When and how the ice of a highland river matters: political and affective perspectives on the Naryn in Kyrgyzstan
Jeanne Féaux de la Croix
(University of Tübingen)
This paper draws on ethnographic fieldwork, archival work and media analyses between 2014 and 2018 along the highland Naryn river, to explore different ways of understanding these headwaters as the main water-source of the Syr Darya river. Water distribution in this basin has long been contested, between the competing interests of irrigated agriculture, energy production through hydropower and different Soviet and post-Soviet republics and interest groups. With new dams in the pipeline in a number of sites, water politics not only reflect relationships between riparian neighbour-states, but also attitudes among riparian residents with different livelihoods and dependencies on the river.
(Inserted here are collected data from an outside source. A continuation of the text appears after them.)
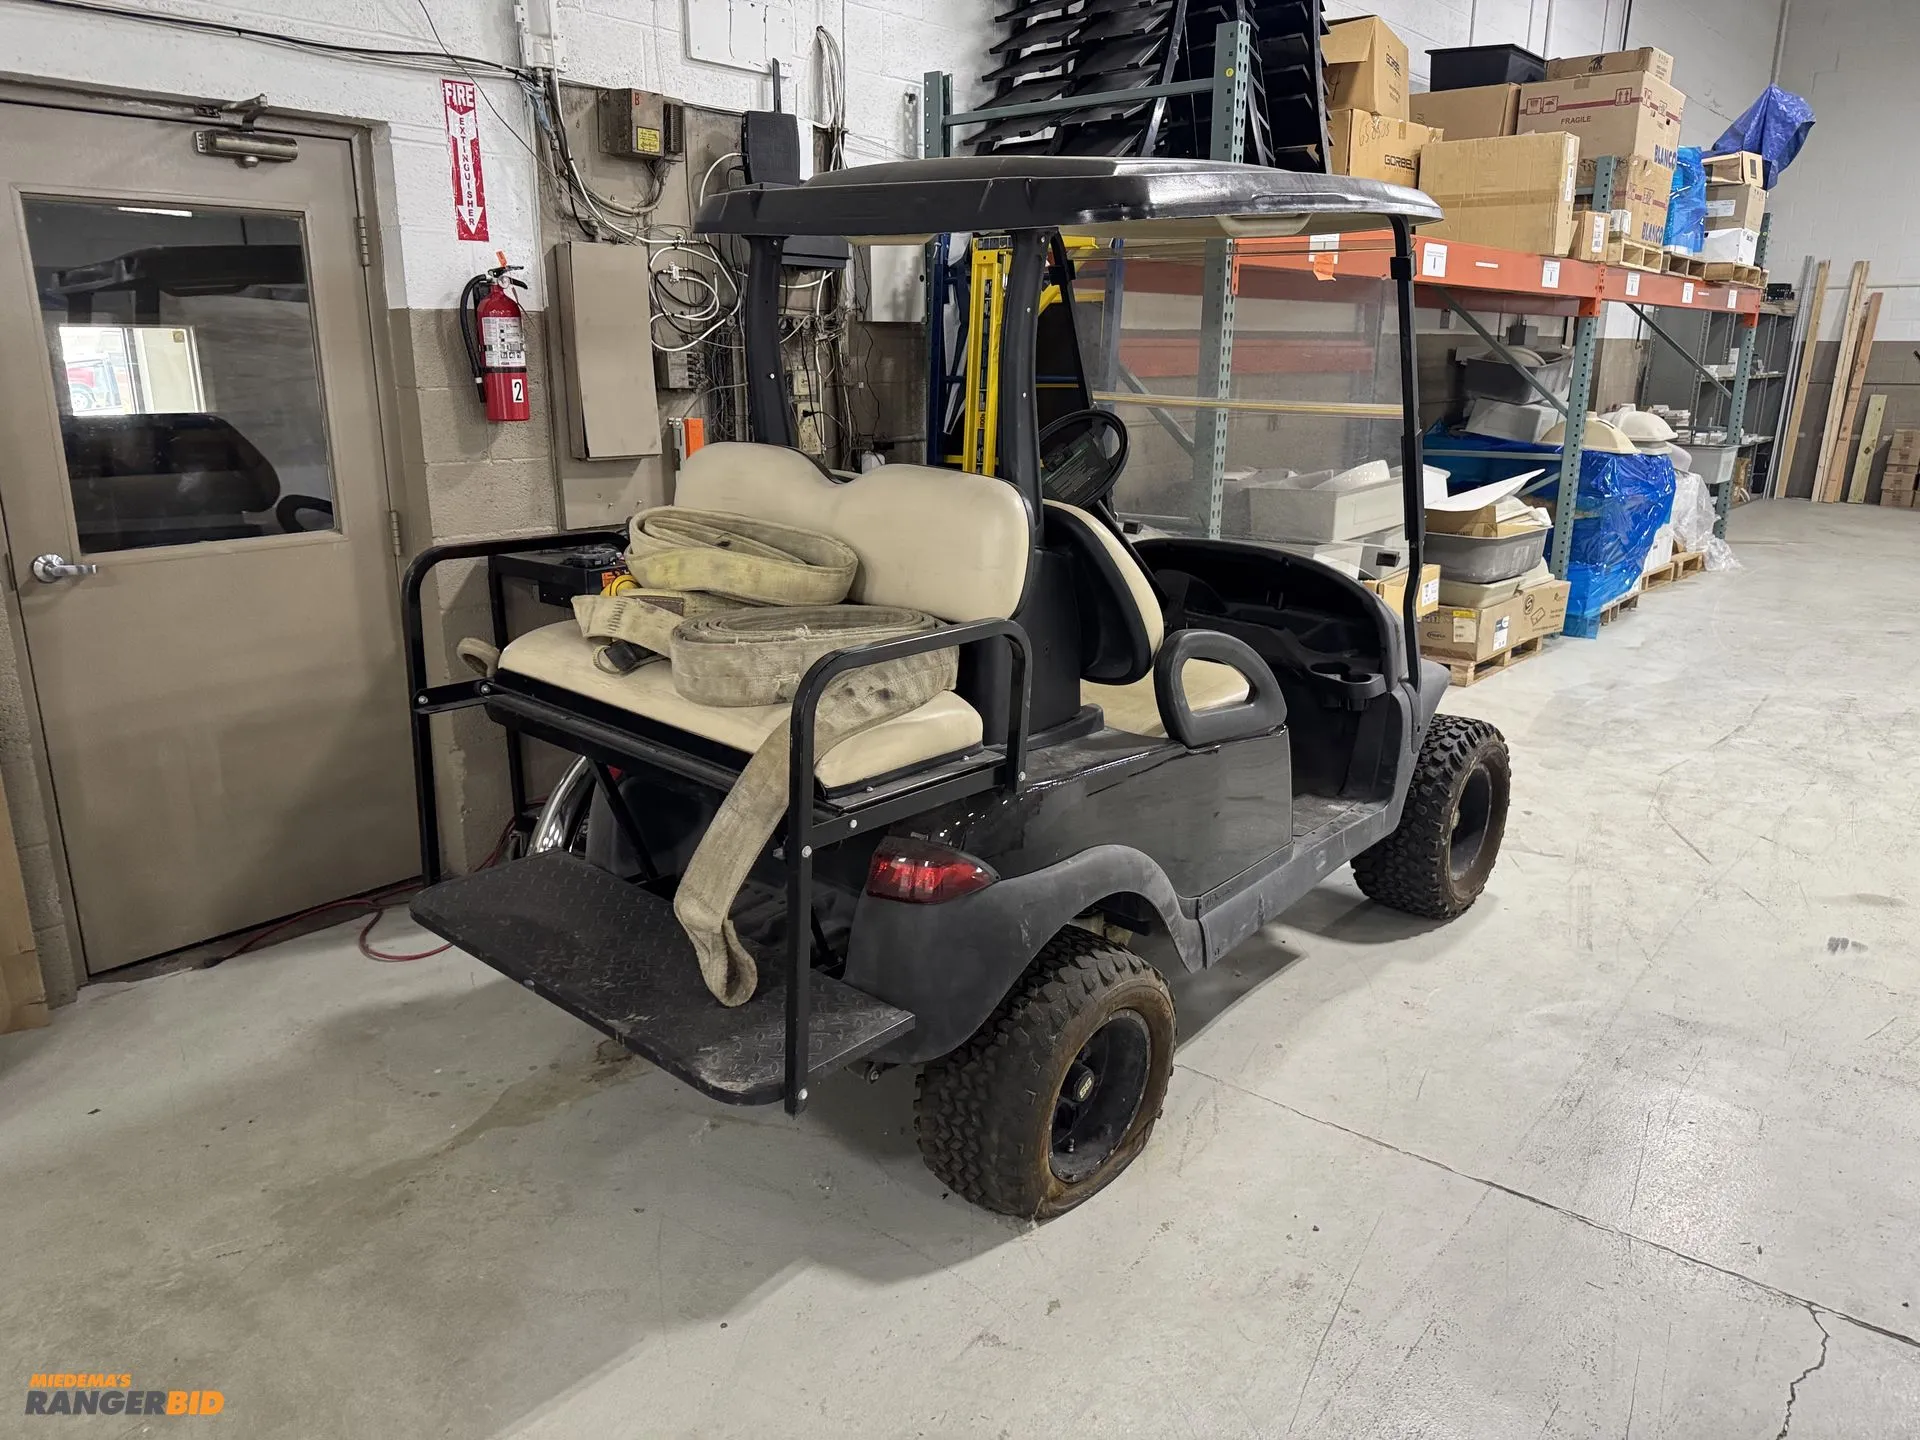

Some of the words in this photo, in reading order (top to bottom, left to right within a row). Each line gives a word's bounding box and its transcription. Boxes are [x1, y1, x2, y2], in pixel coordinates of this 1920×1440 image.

[444, 82, 475, 107] FIRE
[1560, 116, 1592, 125] FRAGILE
[1384, 154, 1415, 171] GORBEL
[1653, 144, 1677, 171] BLANCO
[459, 117, 475, 226] EXTINGUISHER
[1641, 221, 1664, 245] BLANCO
[514, 381, 522, 402] 2
Alongside these older perspectives, glaciers have recently loomed into view both through new climate change discourses in the media, associated locally with extreme and shifting weather patterns. In this paper, I set out both the tensions and alignments in notions of river-rights, as well as more individual, affective and abstract concepts of the Naryn river and the glaciers feeding its headwater. I experiment with theoretical perspectives that link up the political relations in Soviet and post-Soviet knowledge-making practices to riparian livelihoods, and influential, yet harder to grasp aesthetic and cosmological notions of the Naryn's ice, water and nature.